The primary for northeastern Indiana's 3rd District also features an establishment-insurgent battle. Former Rep. Marlin Stutzman was a member of the House Freedom Caucus and helped to oust former Speaker John Boehner during his first stint in the House. Now he's angling for a comeback, as Rep. Jim Banks is running for Senate (Banks is unopposed in that primary). However, former Allen Circuit Court Judge Wendy Davis* has outraised Stutzman $1.0 million to $796,000, and she has also benefited from $1.1 million in outside spending from Winning for Women (a group dedicated to electing more female Republicans). Pro-establishment super PAC America Leads Action has also spent $1.8 million against Stutzman. Tea party groups like the Club for Growth and Protect Freedom PAC haven't kept pace, spending a combined $1.2 million for Stutzman or against his opponents.
Yet the biggest fundraiser in the race is actually a third candidate, businessman Tim Smith (who self-funded $1.1 million), but observers believe his chances have been damaged by a scandal he's been tied to. A fourth notable, state Sen.
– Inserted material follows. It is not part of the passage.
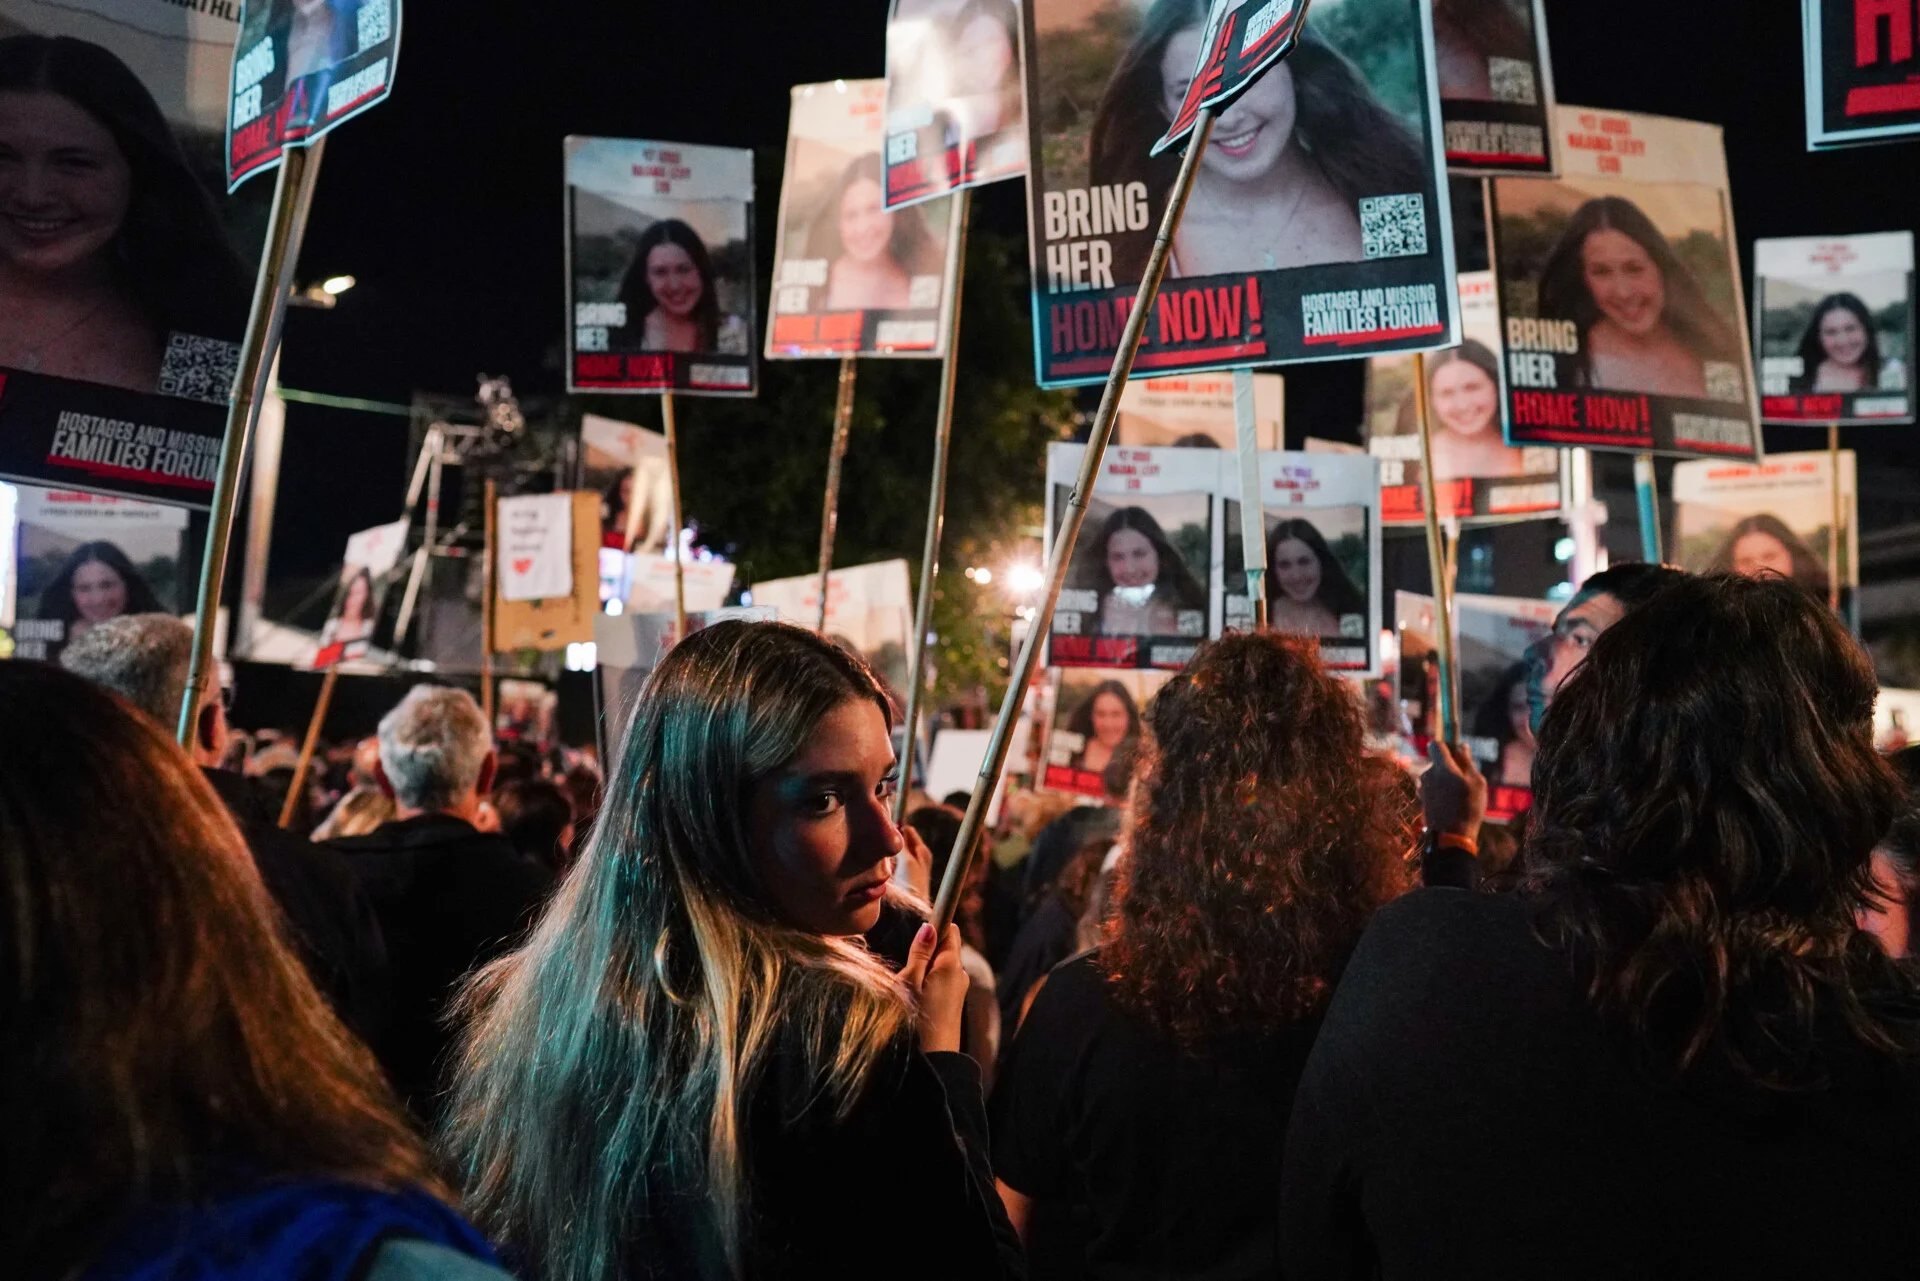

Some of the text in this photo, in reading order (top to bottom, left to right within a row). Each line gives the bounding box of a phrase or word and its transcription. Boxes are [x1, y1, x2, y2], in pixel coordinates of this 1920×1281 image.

Andy Zay, is also running and has raised $693,000, but at the end of the day, chances are either Stutzman or Davis will be this district's next congressman.
Finally, another ex-congressman may make a comeback in southwestern Indiana's 8th District — once one of the most competitive seats in the country but now a reliably Republican seat. The two front-runners in the GOP primary here appear to be state Sen. Mark Messmer and former Rep. John Hostettler, and some of the same groups are getting involved: America Leads Action has spent $1.6 million to help Messmer and hurt Hostettler, and Protect Freedom PAC is airing ads for Hostettler.
But the main divide in this race seems to be less about governing philosophy and more about foreign policy. For instance, Protect Freedom PAC — which represents former Rep. Ron Paul's libertarian wing of the party — may be with Hostettler because he and Paul were two of only six Republicans who opposed the Iraq war back in 2002. And Hostettler's record on Israel has provoked strong opposition from the American Israel Public Affairs Committee and Republican Jewish Coalition. Citing anti-Israel votes Hostettler took in Congress as well as a book he wrote that blamed the Iraq war on Jewish Americans' efforts to help Israel, these two groups have dropped $2.2 million to attack Hostettler or boost Messmer.
In total, pro-Messmer, anti-Hostettler outside groups have outspent pro-Hostettler, anti-Messmer groups by a whopping $5.1 million to $793,000. (And it's not like Hostettler himself has been able to fight back; Messmer has outraised him $763,000 to $41,000.)
Don't write off two other candidates, either. Surgeon Richard Moss, who has pledged to join the Freedom Caucus, has raised $556,000, while 28-year-old Army reservist Dominick Kavanaugh took in $528,000. That said, given the financial disparity, any candidate other than Messmer has to be considered an underdog.
Footnotes
*Not to be confused with the former Democratic candidate for governor of Texas!